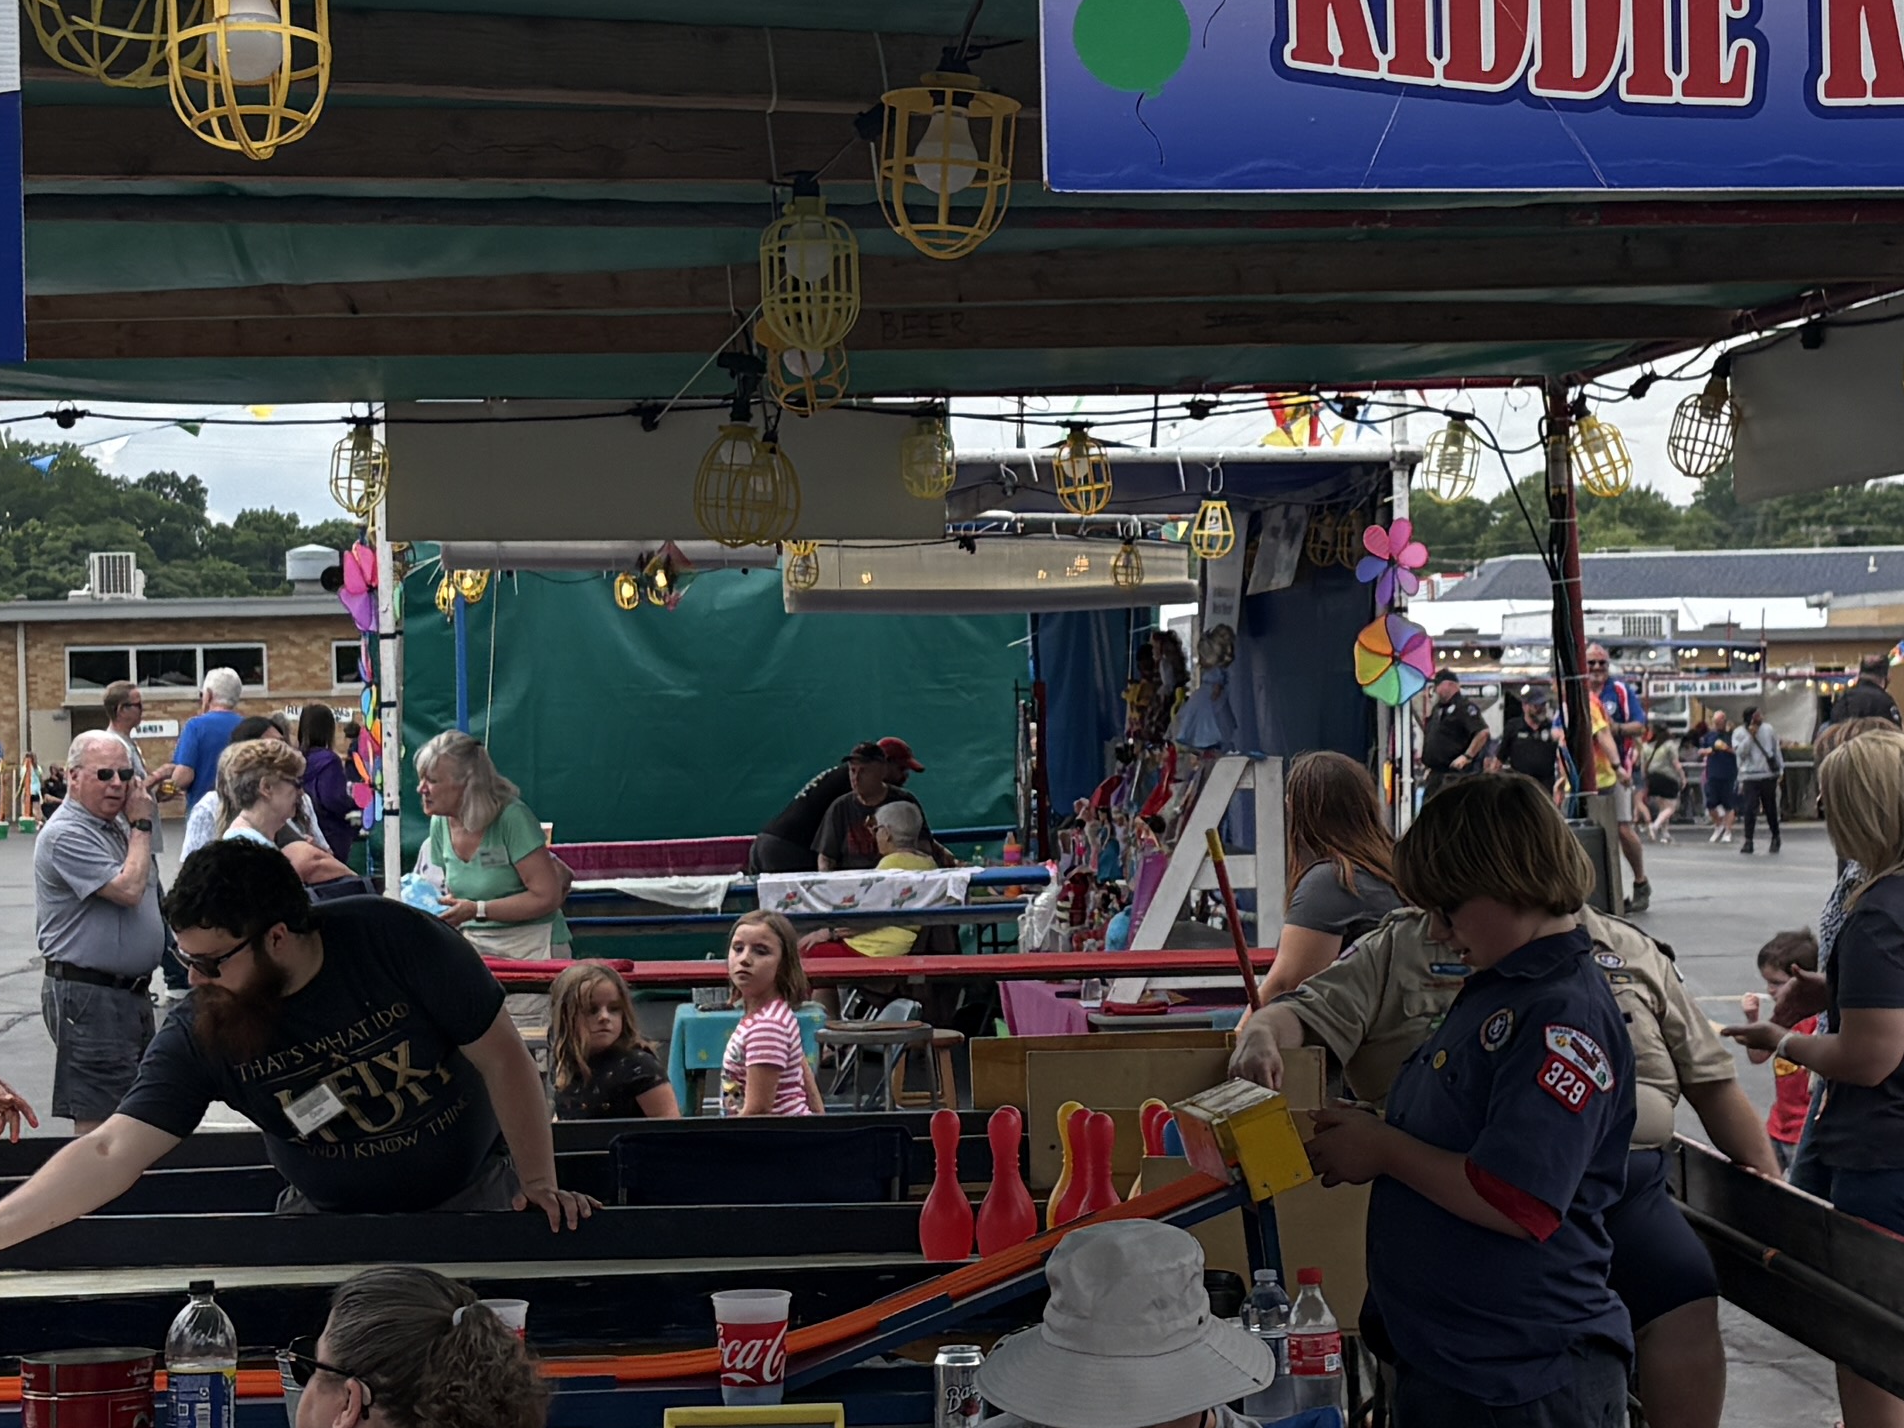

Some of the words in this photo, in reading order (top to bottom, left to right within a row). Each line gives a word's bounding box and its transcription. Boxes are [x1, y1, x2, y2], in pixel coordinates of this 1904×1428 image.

[235, 1045, 304, 1082] THAT'S
[304, 1018, 371, 1055] WHAT
[317, 1039, 433, 1099] FIX
[1544, 1061, 1587, 1105] 329
[354, 1128, 420, 1159] KNOW
[425, 1099, 468, 1137] THIN
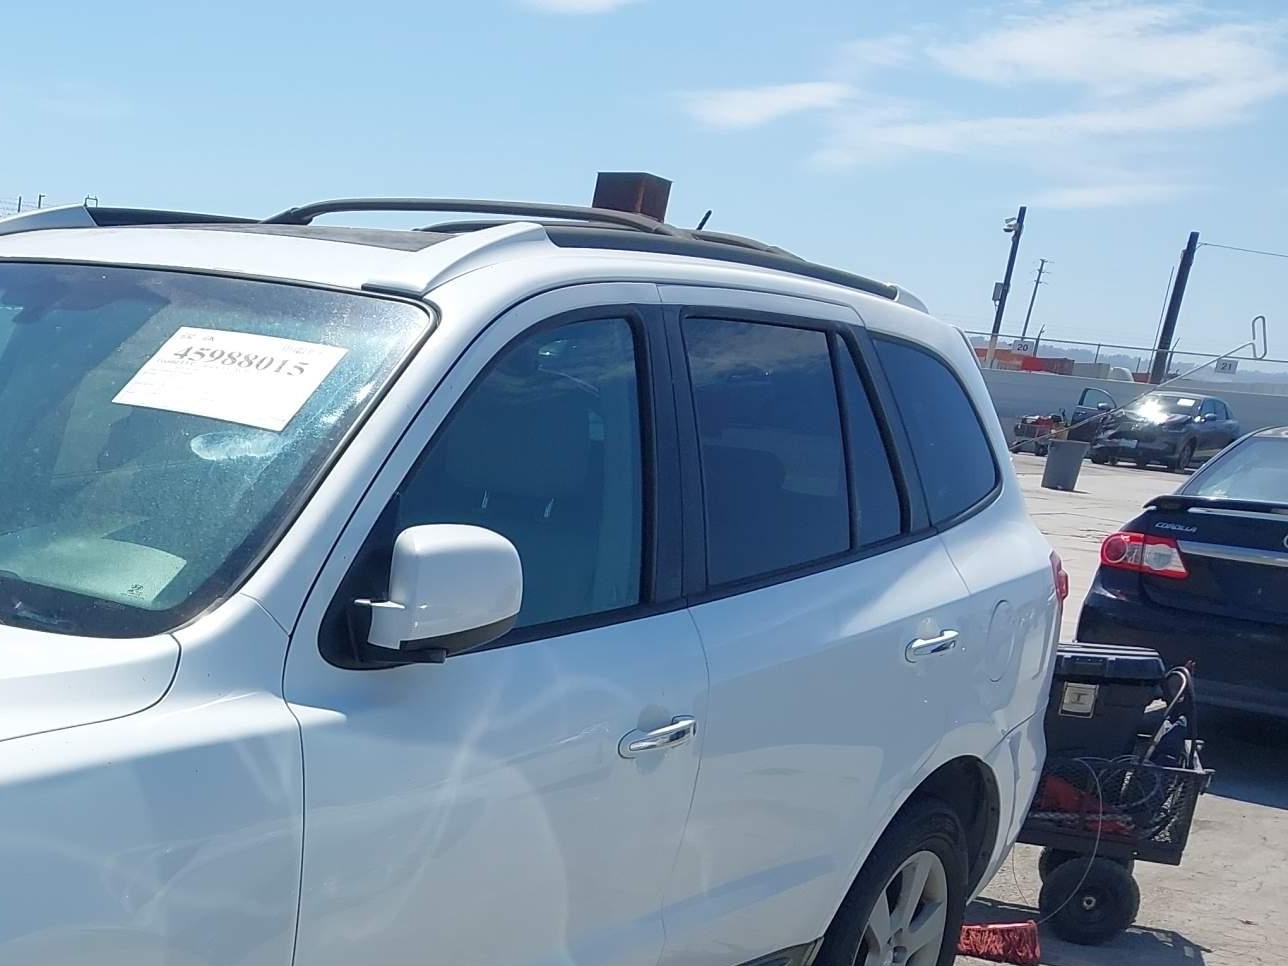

> Task to carry out
Transcribe all entries above exactly. Omit the pictures.

> Answer to this problem
Some of the words in this photo, in reading order (top to bottom, left to right within a row). Each line gives a word's bounding box and its transcription. Boxes are [x1, y1, x2, y2], in pixel coordinates of this 1904×1428 image.

[235, 1045, 304, 1082] THAT'S
[304, 1018, 371, 1055] WHAT
[317, 1039, 433, 1099] FIX
[1544, 1061, 1587, 1105] 329
[354, 1128, 420, 1159] KNOW
[425, 1099, 468, 1137] THIN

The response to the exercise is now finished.